== Given data ==
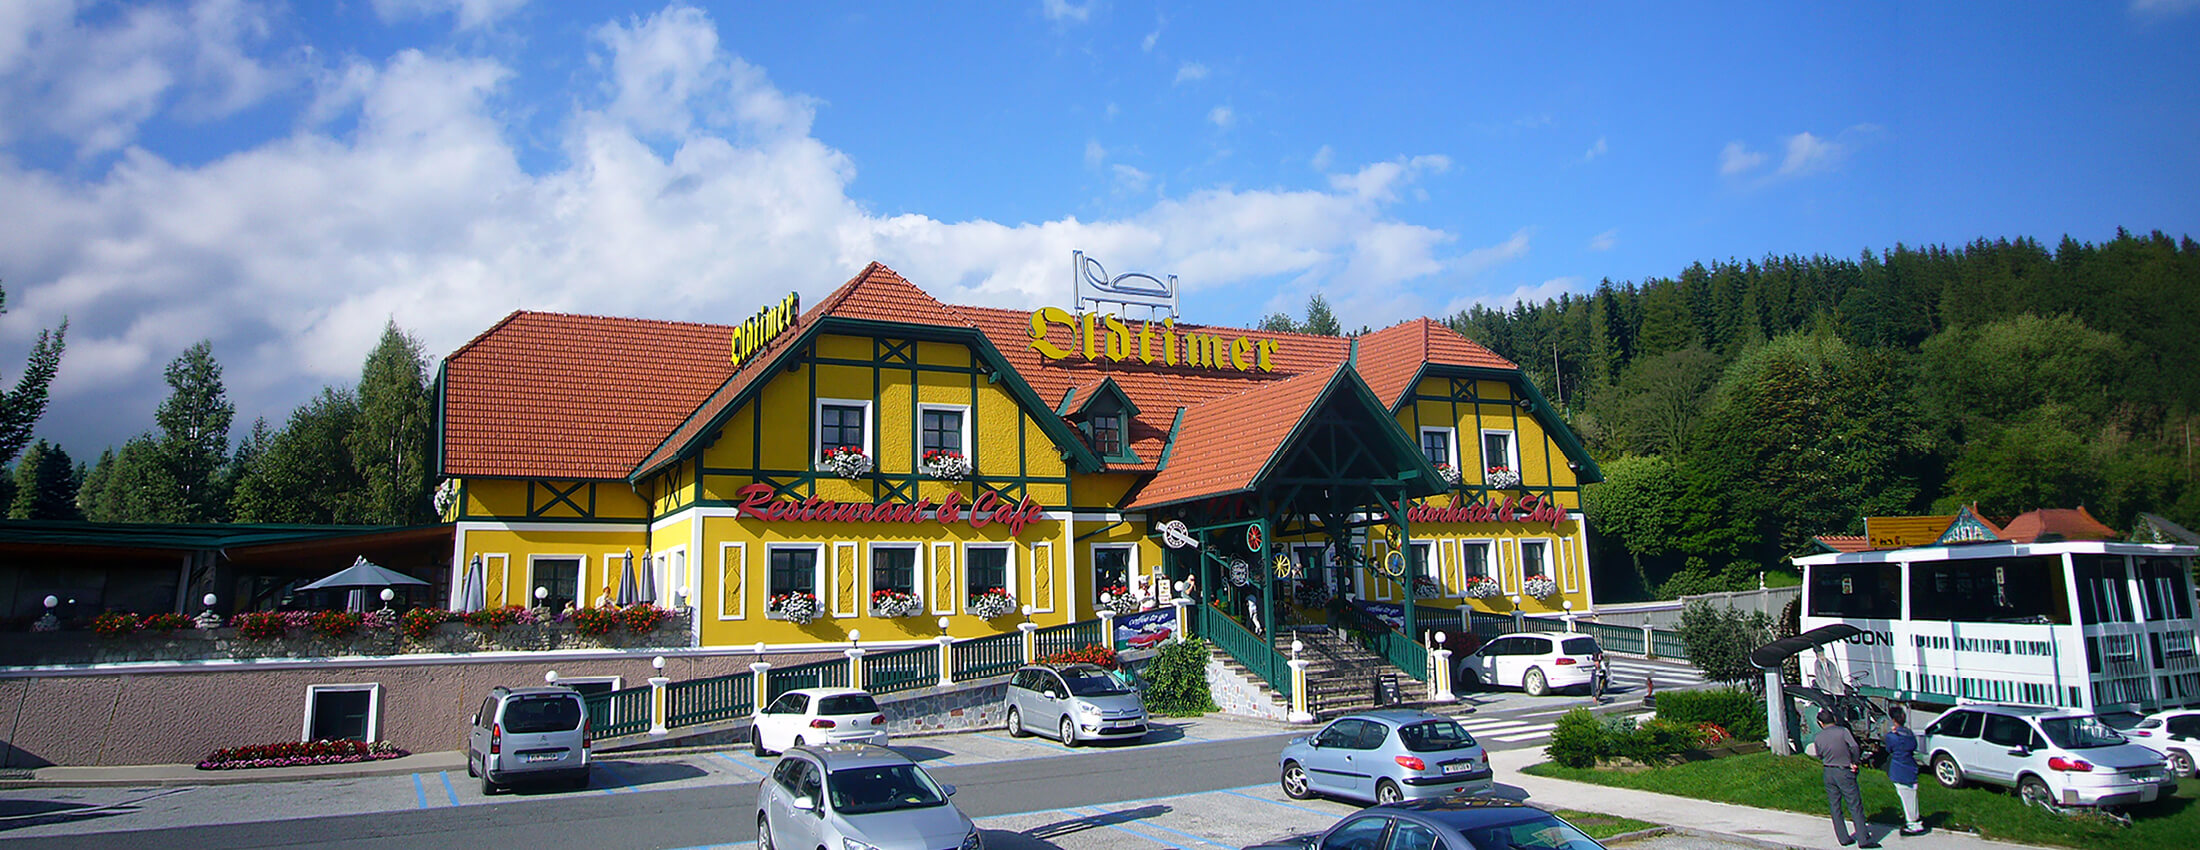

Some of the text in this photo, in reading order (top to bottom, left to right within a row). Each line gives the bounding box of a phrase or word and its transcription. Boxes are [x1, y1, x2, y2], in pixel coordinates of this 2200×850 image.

[732, 292, 799, 366] Oldtimer
[1025, 306, 1280, 373] Oldtimer
[734, 483, 931, 524] Restaurant
[935, 490, 962, 524] &
[1383, 495, 1568, 529] otorhotel & Shop
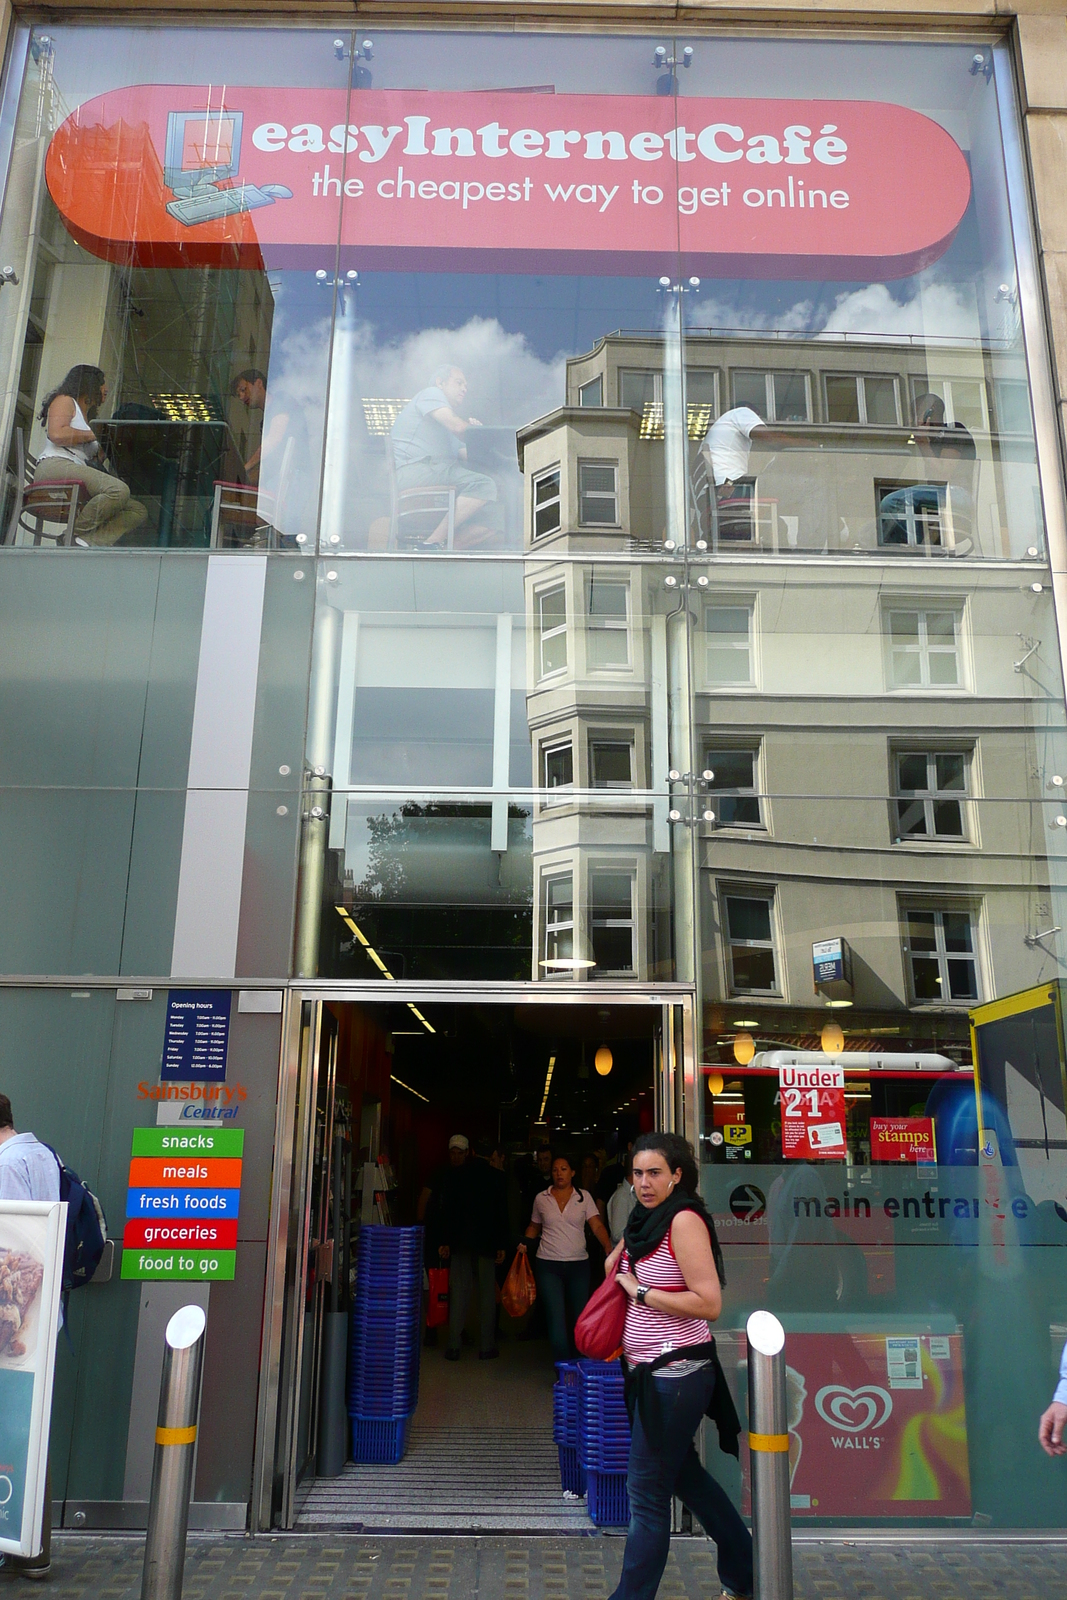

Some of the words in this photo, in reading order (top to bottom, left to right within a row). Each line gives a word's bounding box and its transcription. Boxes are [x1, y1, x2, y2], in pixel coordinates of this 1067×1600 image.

[252, 116, 848, 165] easyInternetCafé
[312, 164, 364, 196] the
[376, 167, 534, 215] cheapest
[544, 183, 619, 213] way
[632, 178, 664, 205] to
[677, 181, 730, 214] get
[743, 176, 849, 209] online
[171, 1002, 195, 1010] Opening
[783, 1068, 840, 1086] Under
[137, 1081, 247, 1105] Sainsbury's
[784, 1088, 822, 1117] 21
[183, 1105, 239, 1119] Central
[873, 1121, 888, 1133] buy
[890, 1123, 908, 1132] your
[162, 1135, 214, 1148] snacks
[878, 1130, 929, 1146] stamps
[909, 1144, 926, 1153] here
[163, 1164, 208, 1178] meals
[140, 1194, 179, 1208] fresh
[184, 1194, 227, 1209] foods
[793, 1191, 871, 1218] main
[144, 1225, 218, 1242] groceries
[138, 1255, 173, 1270] food
[178, 1256, 194, 1270] to
[199, 1259, 219, 1273] go
[831, 1436, 881, 1449] WALL'S
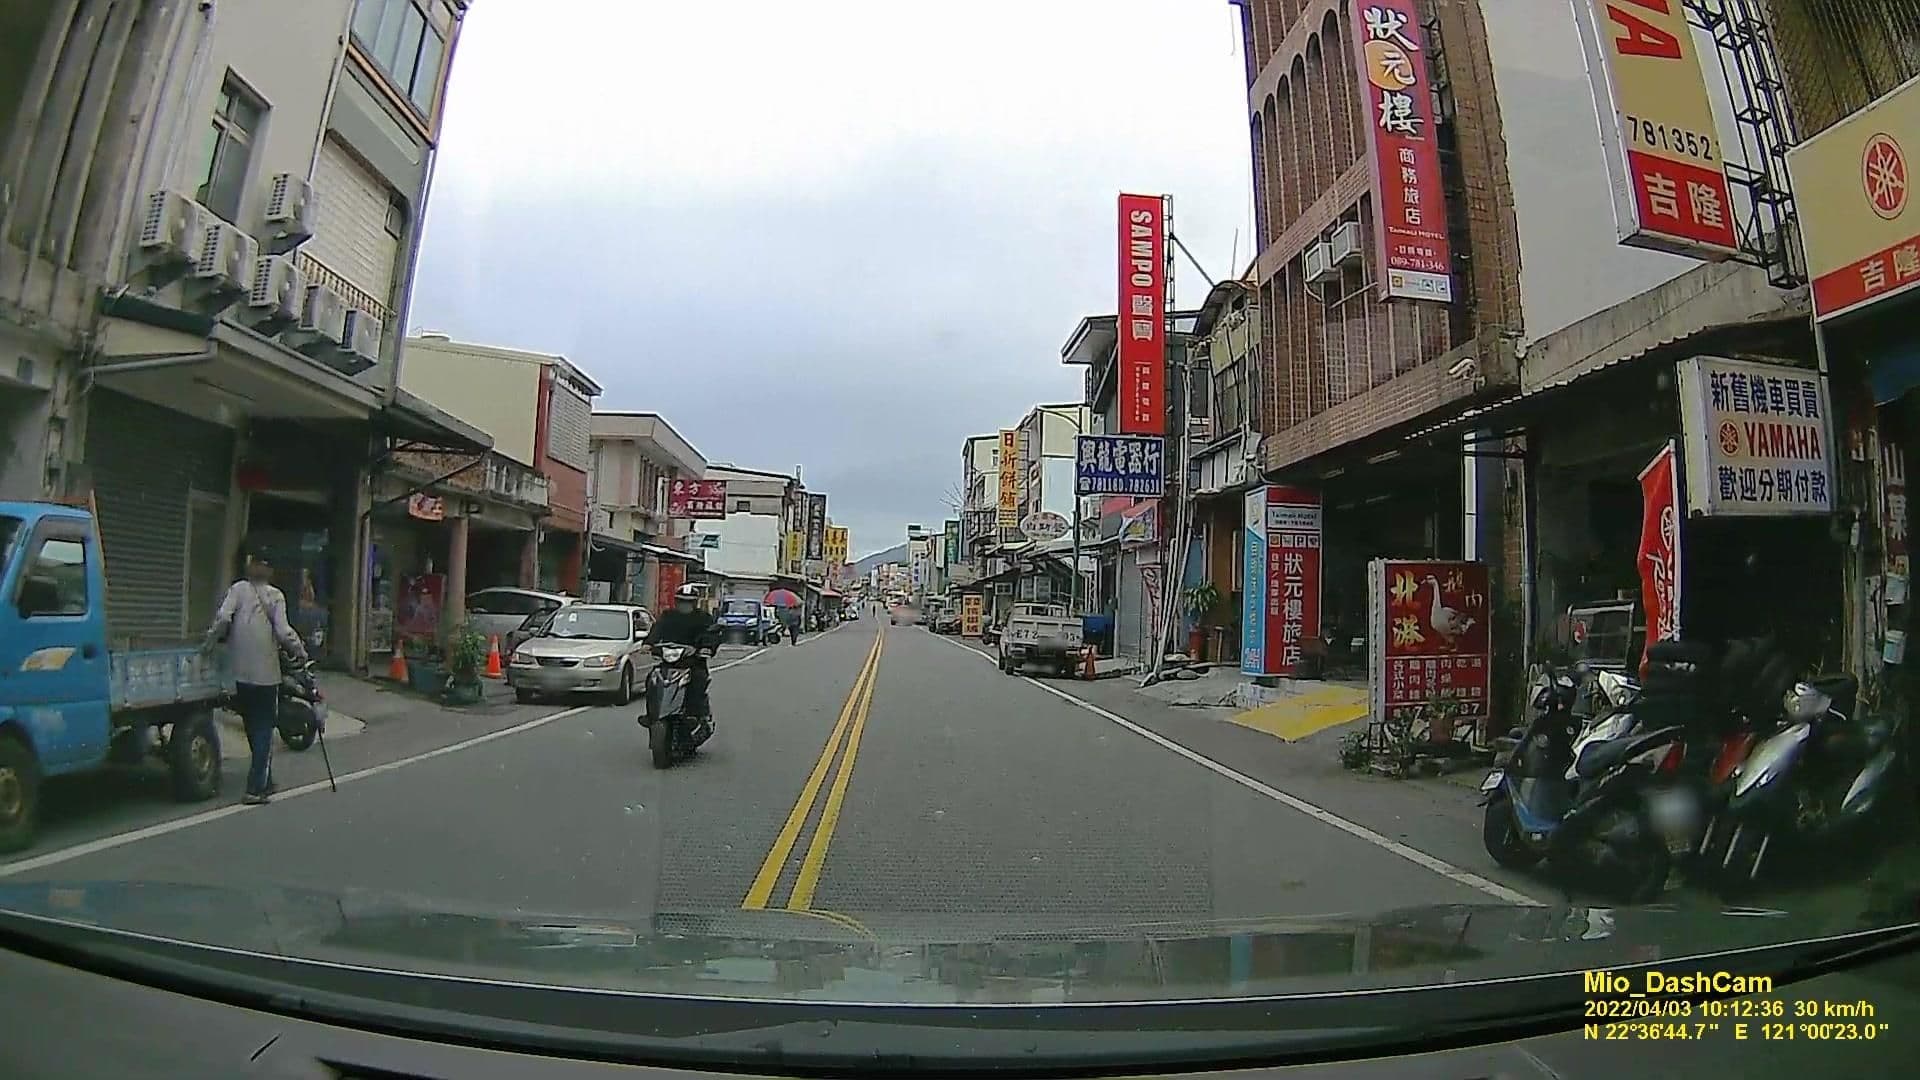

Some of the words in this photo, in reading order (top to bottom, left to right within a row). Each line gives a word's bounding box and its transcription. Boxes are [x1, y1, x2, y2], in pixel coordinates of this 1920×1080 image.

[1607, 0, 1682, 60] A
[1363, 7, 1424, 135] 狀元樓
[1626, 115, 1714, 161] 781352
[1398, 147, 1422, 226] 商務旅店
[1642, 172, 1726, 230] 吉隆
[1130, 209, 1153, 287] SAMPO
[1859, 243, 1920, 294] 吉隆
[1710, 370, 1820, 419] 新舊機車買賣
[1080, 439, 1161, 475] 興龍電器行
[1743, 421, 1822, 459] YAMAHA
[1717, 465, 1828, 503] 歡迎分期付款
[1281, 552, 1303, 667] 狀元樓旅店

== What needs to be done ==
The finished copy should match the data above word for word and contain no pictures.

== Response to the task ==
Some of the text in this photo, in reading order (top to bottom, left to right within a row). Each line gives the bounding box of a phrase or word and its transcription. Boxes are [x1, y1, x2, y2], in pixel coordinates of this 2200×850 image.

[732, 292, 799, 366] Oldtimer
[1025, 306, 1280, 373] Oldtimer
[734, 483, 931, 524] Restaurant
[935, 490, 962, 524] &
[1383, 495, 1568, 529] otorhotel & Shop

Some of the words in this photo, in reading order (top to bottom, left to right within a row). Each line gives a word's bounding box and its transcription. Boxes are [x1, y1, x2, y2], in pixel coordinates of this 1067×1600 image.

[252, 116, 848, 165] easyInternetCafé
[312, 164, 364, 196] the
[376, 167, 534, 215] cheapest
[544, 183, 619, 213] way
[632, 178, 664, 205] to
[677, 181, 730, 214] get
[743, 176, 849, 209] online
[171, 1002, 195, 1010] Opening
[783, 1068, 840, 1086] Under
[137, 1081, 247, 1105] Sainsbury's
[784, 1088, 822, 1117] 21
[183, 1105, 239, 1119] Central
[873, 1121, 888, 1133] buy
[890, 1123, 908, 1132] your
[162, 1135, 214, 1148] snacks
[878, 1130, 929, 1146] stamps
[909, 1144, 926, 1153] here
[163, 1164, 208, 1178] meals
[140, 1194, 179, 1208] fresh
[184, 1194, 227, 1209] foods
[793, 1191, 871, 1218] main
[144, 1225, 218, 1242] groceries
[138, 1255, 173, 1270] food
[178, 1256, 194, 1270] to
[199, 1259, 219, 1273] go
[831, 1436, 881, 1449] WALL'S

Some of the words in this photo, in reading order (top to bottom, left to right within a row). Each line gives a word's bounding box and its transcription. Boxes are [x1, y1, x2, y2], in pixel coordinates of this 1920×1080 image.

[1607, 0, 1682, 60] A
[1363, 7, 1424, 135] 狀元樓
[1626, 115, 1714, 161] 781352
[1398, 147, 1422, 226] 商務旅店
[1642, 172, 1726, 230] 吉隆
[1130, 209, 1153, 287] SAMPO
[1859, 243, 1920, 294] 吉隆
[1710, 370, 1820, 419] 新舊機車買賣
[1080, 439, 1161, 475] 興龍電器行
[1743, 421, 1822, 459] YAMAHA
[1717, 465, 1828, 503] 歡迎分期付款
[1281, 552, 1303, 667] 狀元樓旅店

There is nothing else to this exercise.